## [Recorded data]
● ● ● ●

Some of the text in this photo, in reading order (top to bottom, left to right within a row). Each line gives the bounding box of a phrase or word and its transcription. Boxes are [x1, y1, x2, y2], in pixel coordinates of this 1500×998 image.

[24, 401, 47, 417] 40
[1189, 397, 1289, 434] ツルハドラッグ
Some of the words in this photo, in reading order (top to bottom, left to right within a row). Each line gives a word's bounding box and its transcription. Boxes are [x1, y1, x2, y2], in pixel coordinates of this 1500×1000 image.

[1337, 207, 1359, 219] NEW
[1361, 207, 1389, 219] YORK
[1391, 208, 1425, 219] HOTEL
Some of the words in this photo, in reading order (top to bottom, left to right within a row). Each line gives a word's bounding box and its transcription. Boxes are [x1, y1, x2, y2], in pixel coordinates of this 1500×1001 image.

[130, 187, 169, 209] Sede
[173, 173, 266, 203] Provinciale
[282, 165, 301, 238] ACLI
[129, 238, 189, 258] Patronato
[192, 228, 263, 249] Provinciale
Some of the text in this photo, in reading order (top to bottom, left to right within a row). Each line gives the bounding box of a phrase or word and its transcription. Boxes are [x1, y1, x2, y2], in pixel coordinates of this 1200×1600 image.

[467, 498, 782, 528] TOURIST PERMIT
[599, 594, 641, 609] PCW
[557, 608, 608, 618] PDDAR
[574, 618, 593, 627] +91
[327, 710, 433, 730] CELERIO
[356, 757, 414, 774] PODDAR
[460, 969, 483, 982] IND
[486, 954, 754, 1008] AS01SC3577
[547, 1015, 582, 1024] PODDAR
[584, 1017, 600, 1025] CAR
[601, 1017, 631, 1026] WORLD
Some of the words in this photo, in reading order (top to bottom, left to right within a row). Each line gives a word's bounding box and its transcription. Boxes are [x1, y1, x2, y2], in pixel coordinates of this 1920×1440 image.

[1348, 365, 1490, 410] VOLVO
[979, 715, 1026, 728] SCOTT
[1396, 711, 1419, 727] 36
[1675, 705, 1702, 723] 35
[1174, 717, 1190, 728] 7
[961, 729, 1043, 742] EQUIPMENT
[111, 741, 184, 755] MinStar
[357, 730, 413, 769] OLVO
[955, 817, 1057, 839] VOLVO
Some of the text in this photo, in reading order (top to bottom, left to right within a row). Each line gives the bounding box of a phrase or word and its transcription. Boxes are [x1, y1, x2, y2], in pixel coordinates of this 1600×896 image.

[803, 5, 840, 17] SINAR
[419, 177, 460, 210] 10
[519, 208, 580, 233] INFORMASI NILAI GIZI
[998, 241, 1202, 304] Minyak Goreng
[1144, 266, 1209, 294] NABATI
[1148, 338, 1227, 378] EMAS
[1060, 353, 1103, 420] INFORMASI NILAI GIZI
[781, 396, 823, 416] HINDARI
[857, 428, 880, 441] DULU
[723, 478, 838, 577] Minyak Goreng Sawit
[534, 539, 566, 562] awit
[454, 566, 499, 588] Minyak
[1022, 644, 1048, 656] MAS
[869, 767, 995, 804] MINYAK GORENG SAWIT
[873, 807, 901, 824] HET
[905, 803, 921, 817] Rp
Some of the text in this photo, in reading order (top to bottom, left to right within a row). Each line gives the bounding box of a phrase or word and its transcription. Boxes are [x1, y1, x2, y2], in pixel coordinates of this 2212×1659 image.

● ● ● ●

Without omitting anything, set down all the entries above again.

## [RESULT OF THE TASK]
Some of the text in this photo, in reading order (top to bottom, left to right within a row). Each line gives the bounding box of a phrase or word and its transcription. Boxes are [x1, y1, x2, y2], in pixel coordinates of this 1500×998 image.

[24, 401, 47, 417] 40
[1189, 397, 1289, 434] ツルハドラッグ
Some of the words in this photo, in reading order (top to bottom, left to right within a row). Each line gives a word's bounding box and its transcription. Boxes are [x1, y1, x2, y2], in pixel coordinates of this 1500×1000 image.

[1337, 207, 1359, 219] NEW
[1361, 207, 1389, 219] YORK
[1391, 208, 1425, 219] HOTEL
Some of the words in this photo, in reading order (top to bottom, left to right within a row). Each line gives a word's bounding box and its transcription. Boxes are [x1, y1, x2, y2], in pixel coordinates of this 1500×1001 image.

[130, 187, 169, 209] Sede
[173, 173, 266, 203] Provinciale
[282, 165, 301, 238] ACLI
[129, 238, 189, 258] Patronato
[192, 228, 263, 249] Provinciale
Some of the text in this photo, in reading order (top to bottom, left to right within a row). Each line gives the bounding box of a phrase or word and its transcription. Boxes are [x1, y1, x2, y2], in pixel coordinates of this 1200×1600 image.

[467, 498, 782, 528] TOURIST PERMIT
[599, 594, 641, 609] PCW
[557, 608, 608, 618] PDDAR
[574, 618, 593, 627] +91
[327, 710, 433, 730] CELERIO
[356, 757, 414, 774] PODDAR
[460, 969, 483, 982] IND
[486, 954, 754, 1008] AS01SC3577
[547, 1015, 582, 1024] PODDAR
[584, 1017, 600, 1025] CAR
[601, 1017, 631, 1026] WORLD
Some of the words in this photo, in reading order (top to bottom, left to right within a row). Each line gives a word's bounding box and its transcription. Boxes are [x1, y1, x2, y2], in pixel coordinates of this 1920×1440 image.

[1348, 365, 1490, 410] VOLVO
[979, 715, 1026, 728] SCOTT
[1396, 711, 1419, 727] 36
[1675, 705, 1702, 723] 35
[1174, 717, 1190, 728] 7
[961, 729, 1043, 742] EQUIPMENT
[111, 741, 184, 755] MinStar
[357, 730, 413, 769] OLVO
[955, 817, 1057, 839] VOLVO
Some of the text in this photo, in reading order (top to bottom, left to right within a row). Each line gives the bounding box of a phrase or word and its transcription. Boxes are [x1, y1, x2, y2], in pixel coordinates of this 1600×896 image.

[803, 5, 840, 17] SINAR
[419, 177, 460, 210] 10
[519, 208, 580, 233] INFORMASI NILAI GIZI
[998, 241, 1202, 304] Minyak Goreng
[1144, 266, 1209, 294] NABATI
[1148, 338, 1227, 378] EMAS
[1060, 353, 1103, 420] INFORMASI NILAI GIZI
[781, 396, 823, 416] HINDARI
[857, 428, 880, 441] DULU
[723, 478, 838, 577] Minyak Goreng Sawit
[534, 539, 566, 562] awit
[454, 566, 499, 588] Minyak
[1022, 644, 1048, 656] MAS
[869, 767, 995, 804] MINYAK GORENG SAWIT
[873, 807, 901, 824] HET
[905, 803, 921, 817] Rp
Some of the text in this photo, in reading order (top to bottom, left to right within a row). Each line gives the bounding box of a phrase or word and its transcription. Boxes are [x1, y1, x2, y2], in pixel coordinates of this 2212×1659 image.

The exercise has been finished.